> Problem details:
The entries that follow should be repeated exactly, with no pictures kept.

[Stored data]
- Opening Delimiter -

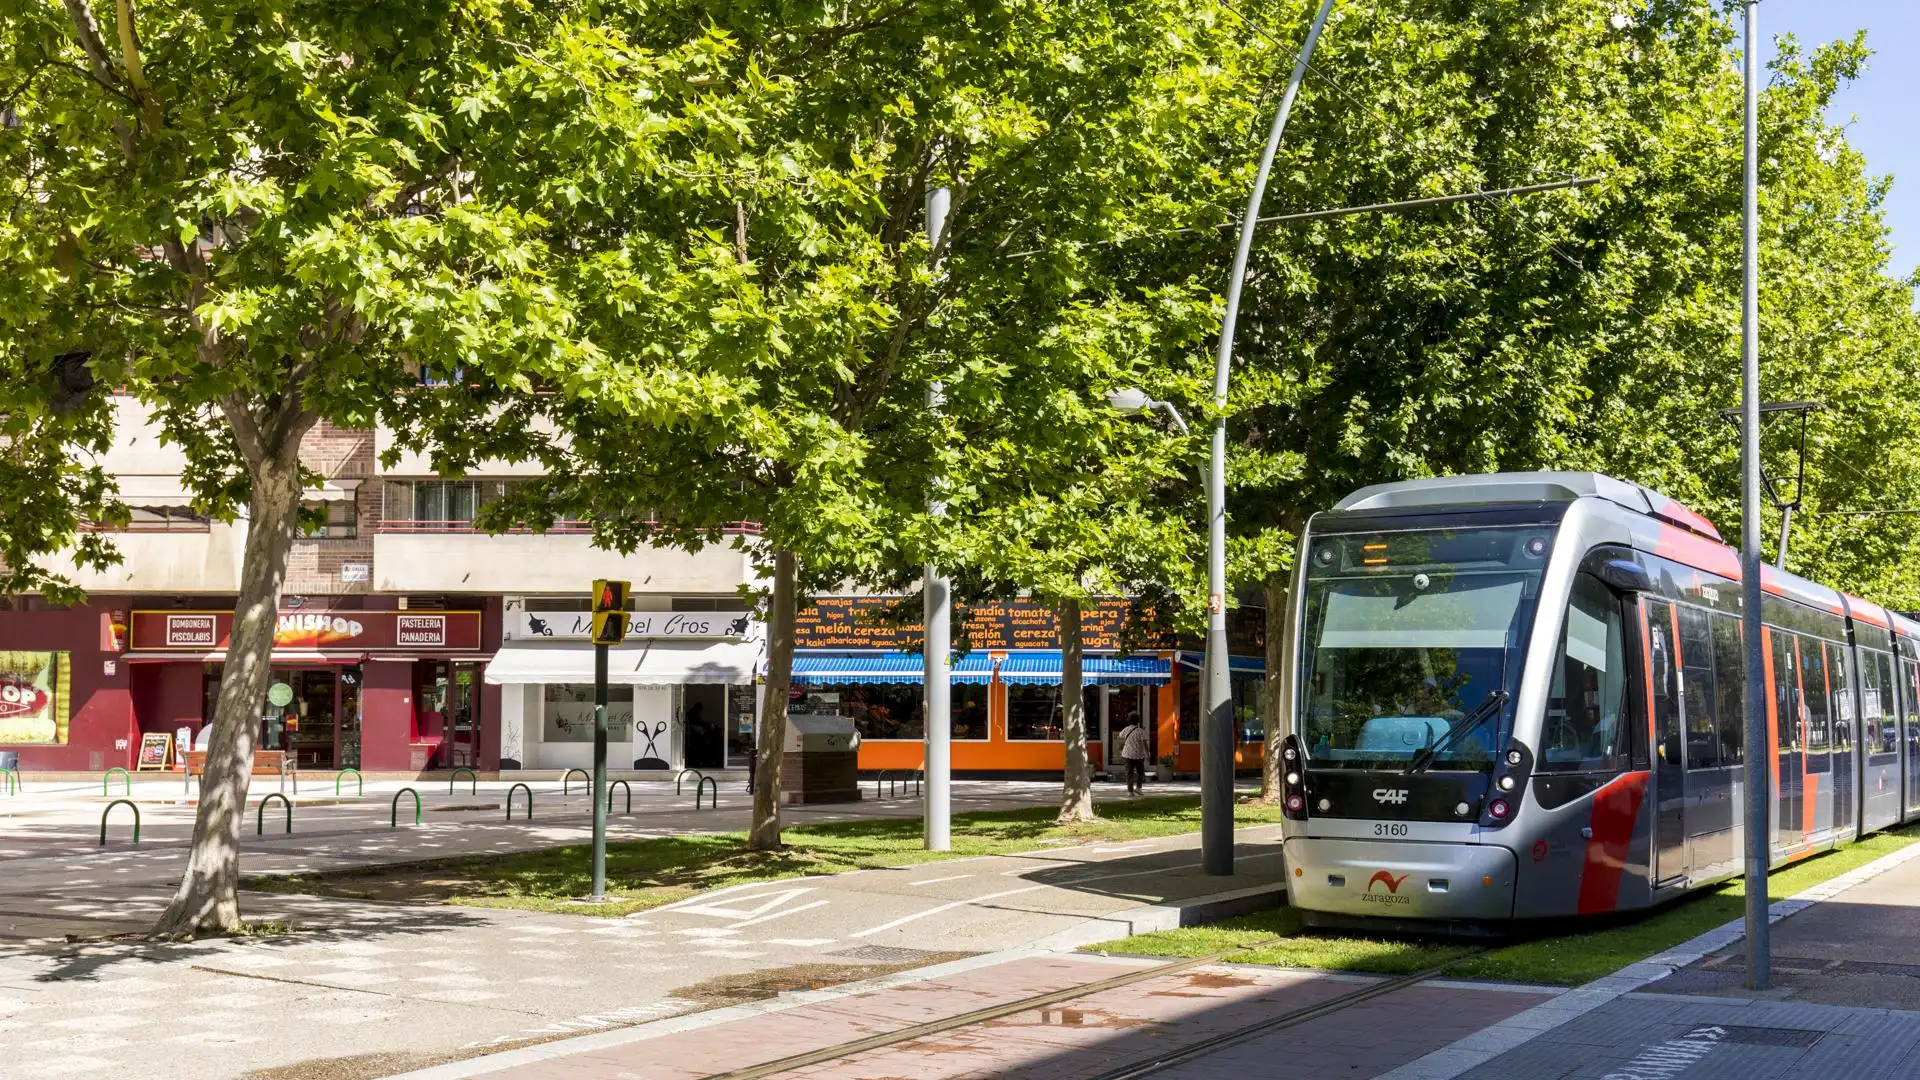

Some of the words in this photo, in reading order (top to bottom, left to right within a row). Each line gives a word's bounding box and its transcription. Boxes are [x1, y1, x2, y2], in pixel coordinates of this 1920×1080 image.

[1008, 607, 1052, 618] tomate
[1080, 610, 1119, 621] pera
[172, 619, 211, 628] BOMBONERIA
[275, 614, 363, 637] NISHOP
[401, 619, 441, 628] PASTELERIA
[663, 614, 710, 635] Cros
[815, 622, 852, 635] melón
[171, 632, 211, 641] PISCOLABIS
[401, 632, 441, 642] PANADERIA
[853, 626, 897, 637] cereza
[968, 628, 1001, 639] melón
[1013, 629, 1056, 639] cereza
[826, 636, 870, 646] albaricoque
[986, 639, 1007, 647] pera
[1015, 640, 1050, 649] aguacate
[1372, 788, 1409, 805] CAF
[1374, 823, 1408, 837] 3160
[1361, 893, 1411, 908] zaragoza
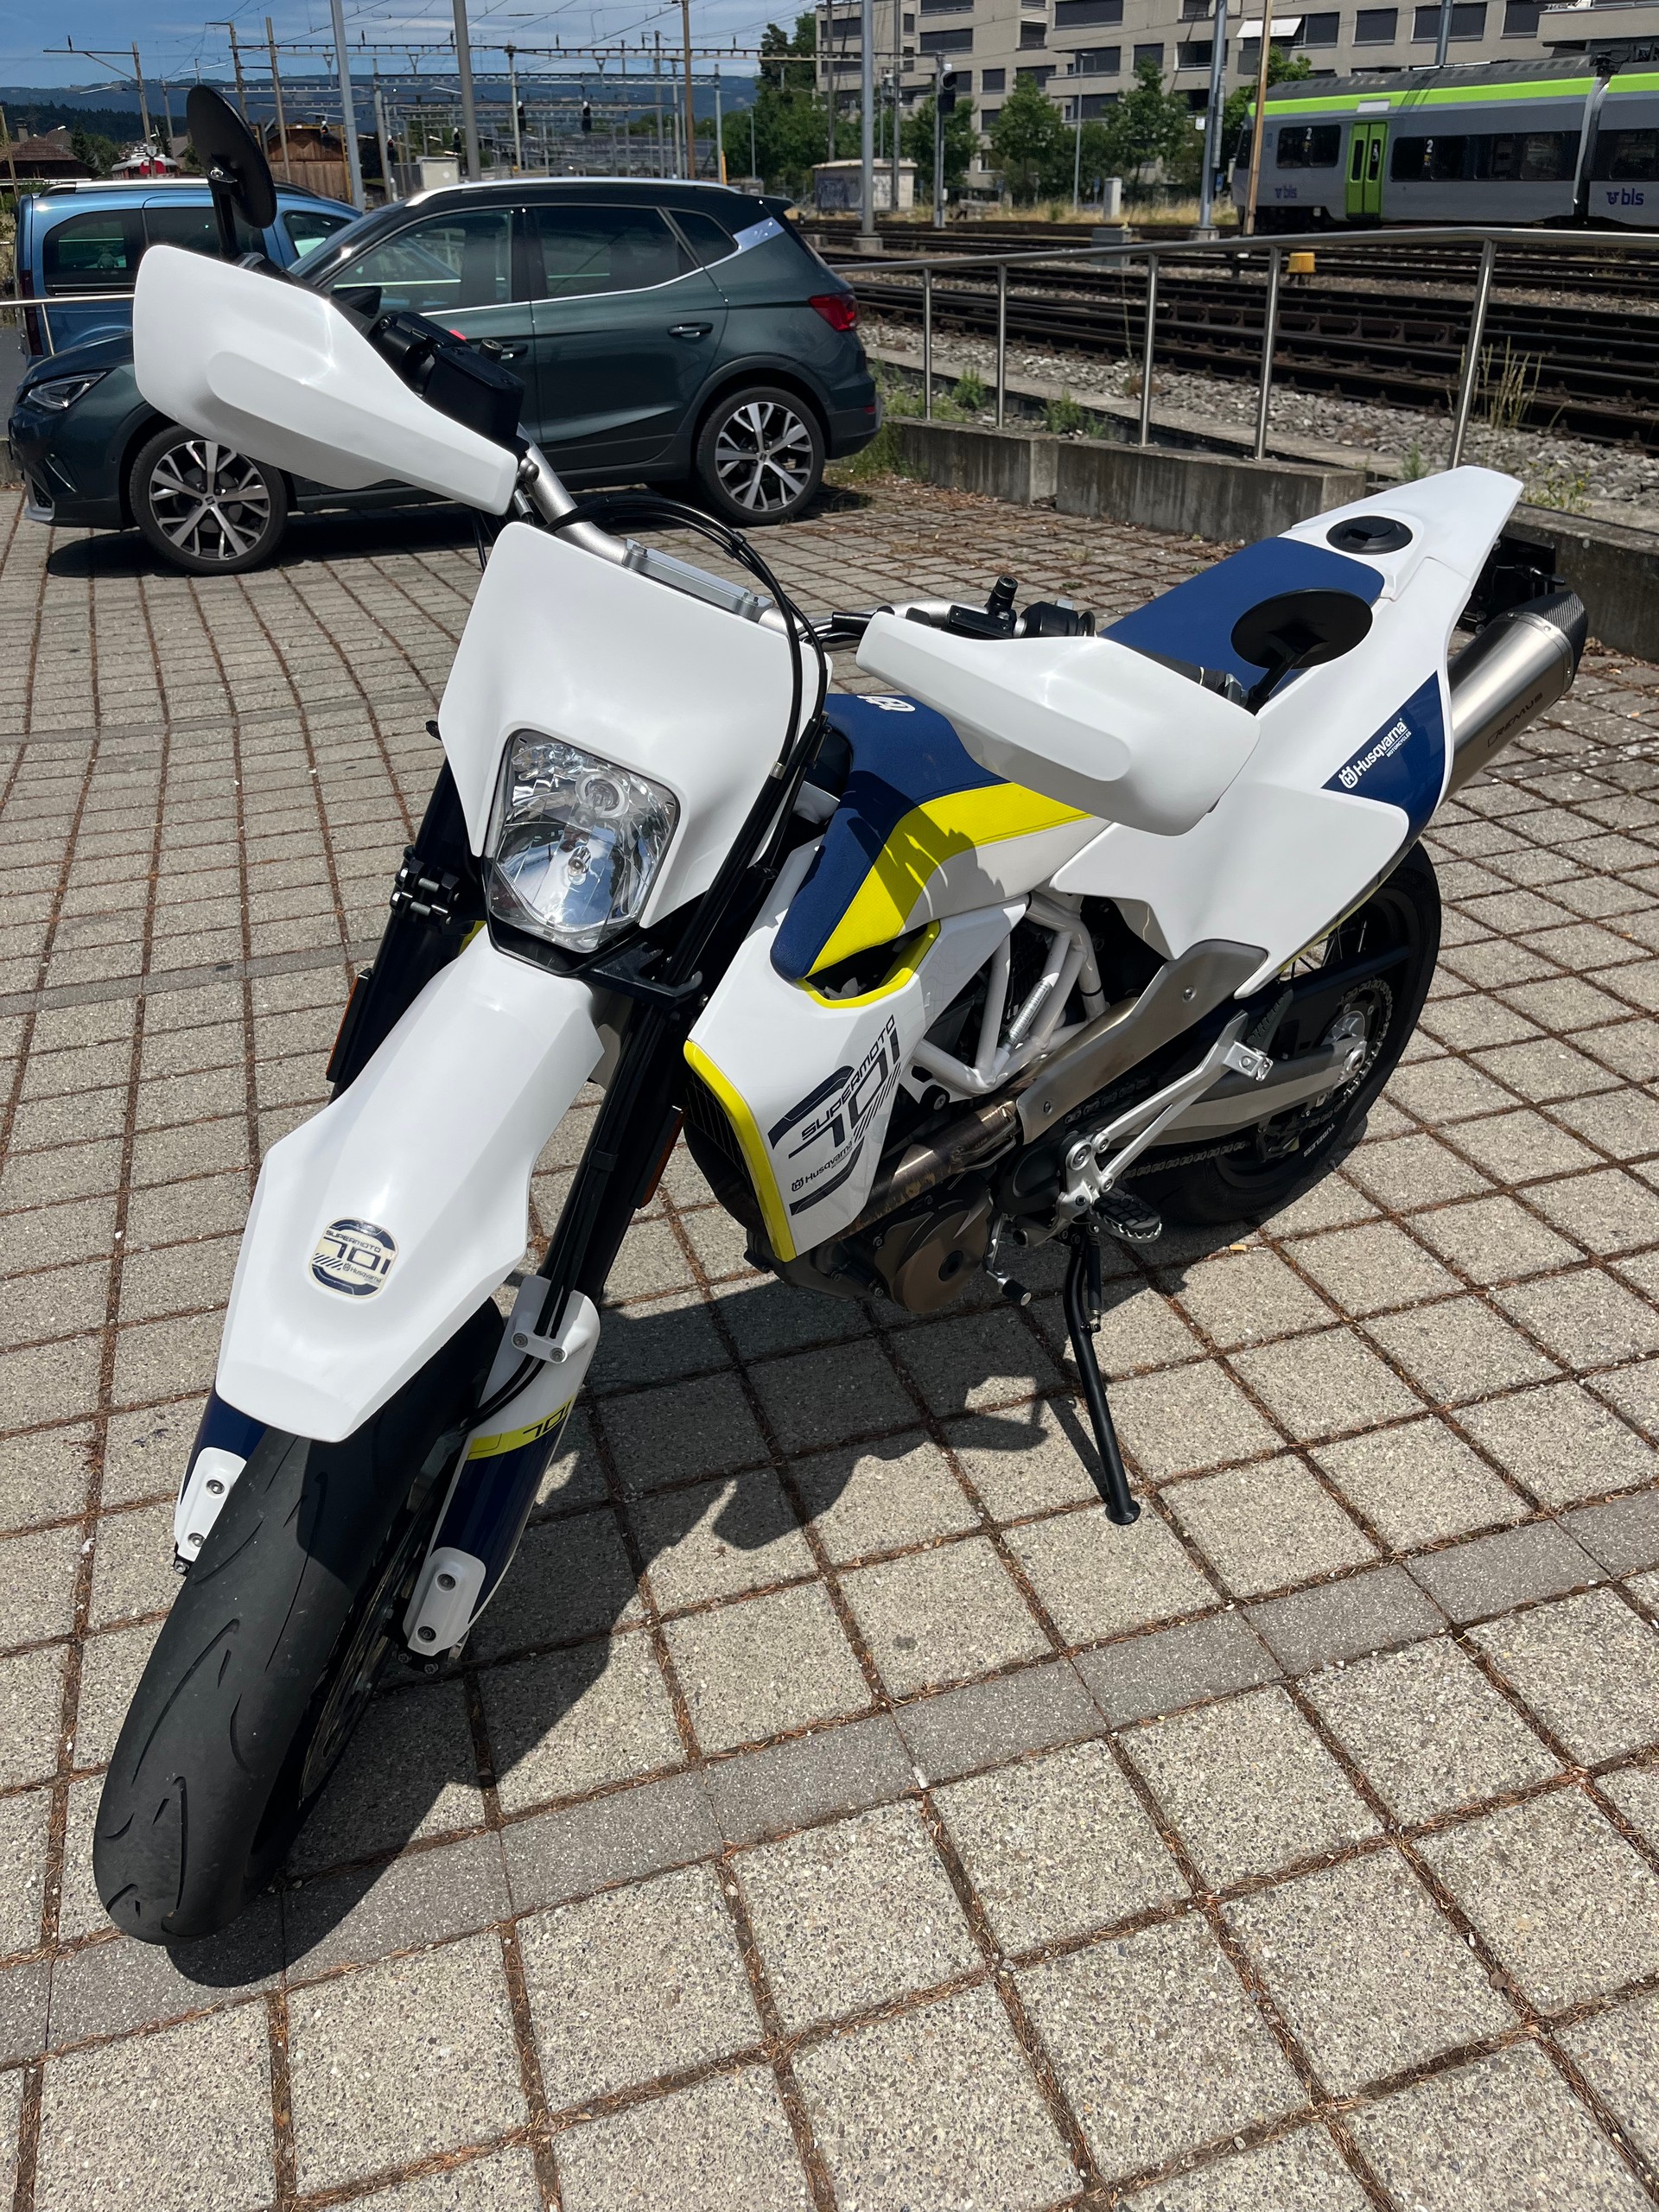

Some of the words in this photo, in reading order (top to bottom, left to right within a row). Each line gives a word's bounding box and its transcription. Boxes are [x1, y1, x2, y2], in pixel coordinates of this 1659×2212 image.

- Closing Delimiter -

> Answer to this task:
Some of the words in this photo, in reading order (top to bottom, left to right within a row). Each line gives a word's bounding box and its transcription. Boxes are [x1, y1, x2, y2], in pixel coordinates of this 1920×1080 image.

[1008, 607, 1052, 618] tomate
[1080, 610, 1119, 621] pera
[172, 619, 211, 628] BOMBONERIA
[275, 614, 363, 637] NISHOP
[401, 619, 441, 628] PASTELERIA
[663, 614, 710, 635] Cros
[815, 622, 852, 635] melón
[171, 632, 211, 641] PISCOLABIS
[401, 632, 441, 642] PANADERIA
[853, 626, 897, 637] cereza
[968, 628, 1001, 639] melón
[1013, 629, 1056, 639] cereza
[826, 636, 870, 646] albaricoque
[986, 639, 1007, 647] pera
[1015, 640, 1050, 649] aguacate
[1372, 788, 1409, 805] CAF
[1374, 823, 1408, 837] 3160
[1361, 893, 1411, 908] zaragoza

Some of the words in this photo, in reading order (top to bottom, left to right within a row). Each line gives a word's bounding box and its transcription. Boxes are [x1, y1, x2, y2], in pixel coordinates of this 1659×2212 image.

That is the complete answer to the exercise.